Version: (using KDE 4.1.4)
Installed from: Ubuntu Packages
Here are two words: ﬁre, fire.
They are identical, except that the first one contains a ligature bringing the f and the i together. The second one has no ligature. The first is the standard in proper typesetting, and it is the default output of LaTeX.
If I search for "fire" in Okular, the word will not be found, because Okular doesn't understand the ligature. By way of comparison, Adobe Reader for Linux does understand the ligature, and finds the word.
This can lead to great frustration.
I imagine that this applies to all documents in Okular, rather than being specific to the PDF backend.
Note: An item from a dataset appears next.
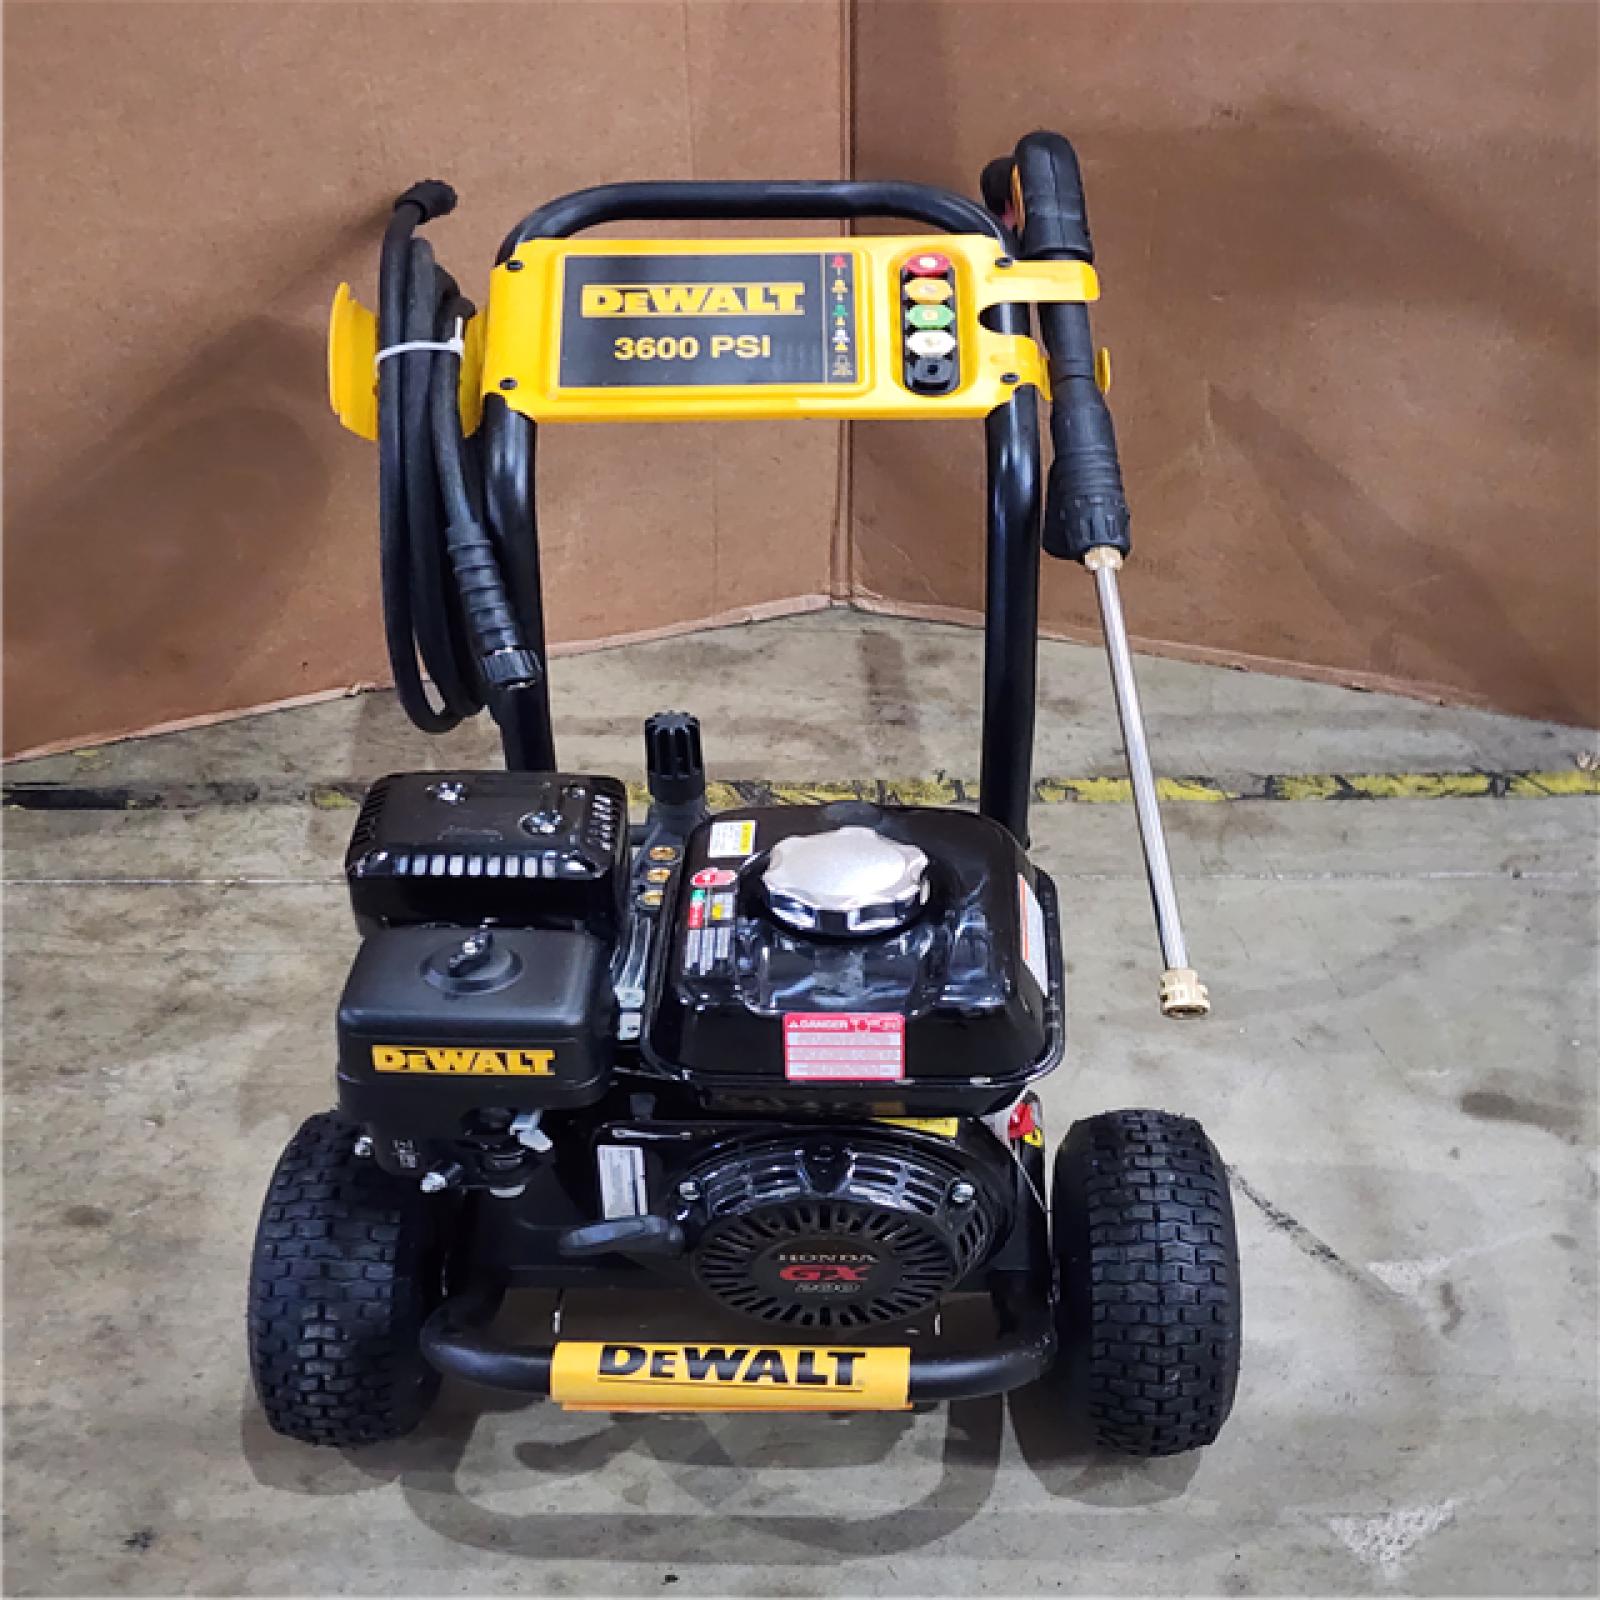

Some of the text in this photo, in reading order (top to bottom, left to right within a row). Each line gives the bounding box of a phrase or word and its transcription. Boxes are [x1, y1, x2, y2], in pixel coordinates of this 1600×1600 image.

[614, 334, 771, 360] 3600 PSI
[779, 1264, 872, 1281] GX
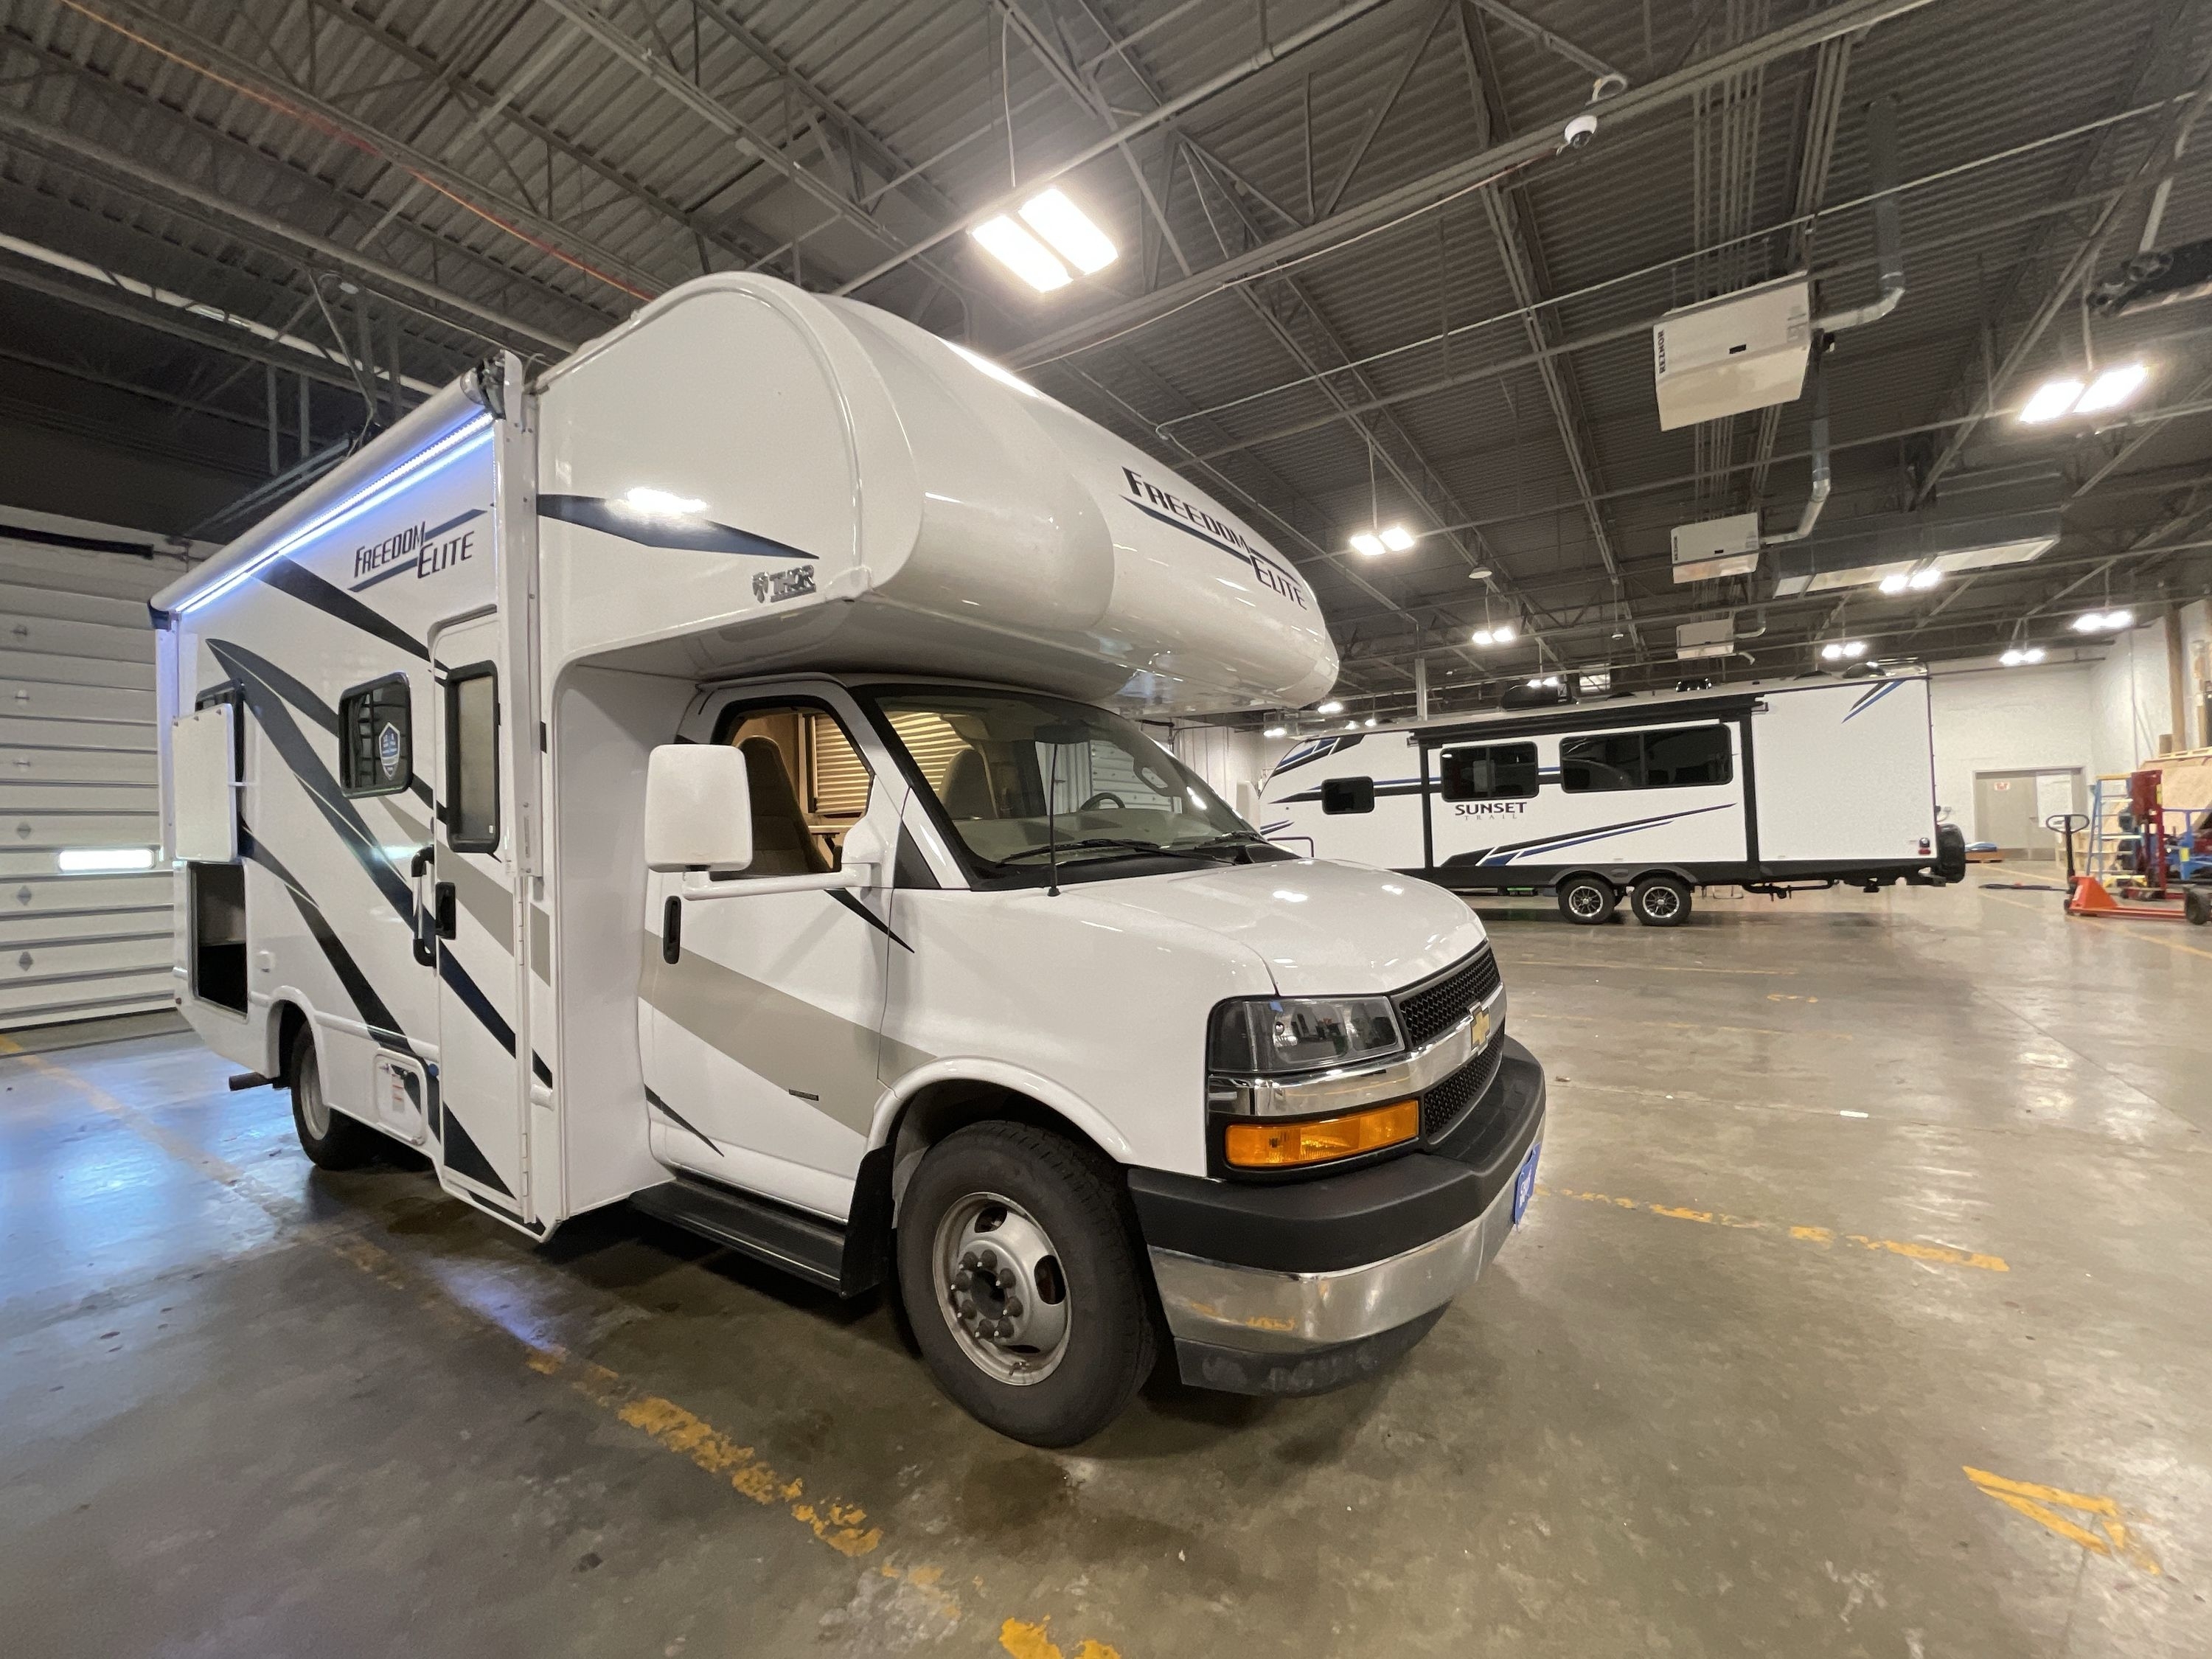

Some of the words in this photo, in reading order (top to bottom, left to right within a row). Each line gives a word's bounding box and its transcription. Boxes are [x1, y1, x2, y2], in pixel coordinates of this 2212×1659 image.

There are a handful of other common ligatures that this applies to (see http://en.wikipedia.org/wiki/Typographic_ligature).
I have the same problem with Version 0.8 on KDE 4.2.
In case anyone needs an example-PDF:
Try to search for "config" in
I can also confirm this bug as well.
If you search for 'config' on the PDF mentioned in Jaruh's link, the first result returned will be on page 7. However, the first result returned should be on the bottom of page 3, where 'configurations' is written.
I made sure the 'use case sensitive' and 'from current page' options were NOT enabled.
I can conﬁrm this bug.
KDE Version 0.8.2 (KDE 4.2.2 (KDE 4.2.2), Kubuntu packages)
Application Universal document viewer
Operating System Linux (x86_64) release 188.8.131.52j2
This always happens with pdf files produced by pdflatex as it makes use of ligatures.
*** Bug 213086 has been marked as a duplicate of this bug. ***
A user [flying sheep] on launchpad has written a patch to fix this, in python, which can be found at https://bugs.launchpad.net/okular/+bug/411538/comments/4
Created attachment 40447 [details]
patch to search for ligatures [written in python]
written by flying sheep [launchpad], https://bugs.launchpad.net/okular/+bug/411538/comments/4
Just for the record, if anyone things that patch is useful, it is not.
Also, for the record, Adobe Reader 9.3 is not able to find the word "configurations" in document from comment #1
I too can confirm this bug for okular 0.9.5, kubuntu 9.10 and kde 4.3.5. Also, the copy function should separate ligatures, like Evince does.
Confirming this bug still exists in KDE 4.4.1.
Also, this was previously reported for kpdf as Bug 103621, so more information can be found there.
*** Bug 230274 has been marked as a duplicate of this bug. ***
*** This bug has been confirmed by popular vote. ***
reply to comment 7:
i’m sorry my “patch” isn’t useful, but at least it would be a way to quickly circumvent the problem until a better solution is found. and “program x does it equally wrong” is no excuse if we can do it better.
*** Bug 258515 has been marked as a duplicate of this bug. ***
SVN commit 1225994 by aacid:
"Normalize" strings so searching for ligatures like "fi" works
Patch by Christopher Reichert
M +11 -3 textpage.cpp
WebSVN link: http://websvn.kde.org/?view=rev&revision=1225994
Created attachment 60622 [details]
Try to search for 'Kaffee' - the ff ligature is the problem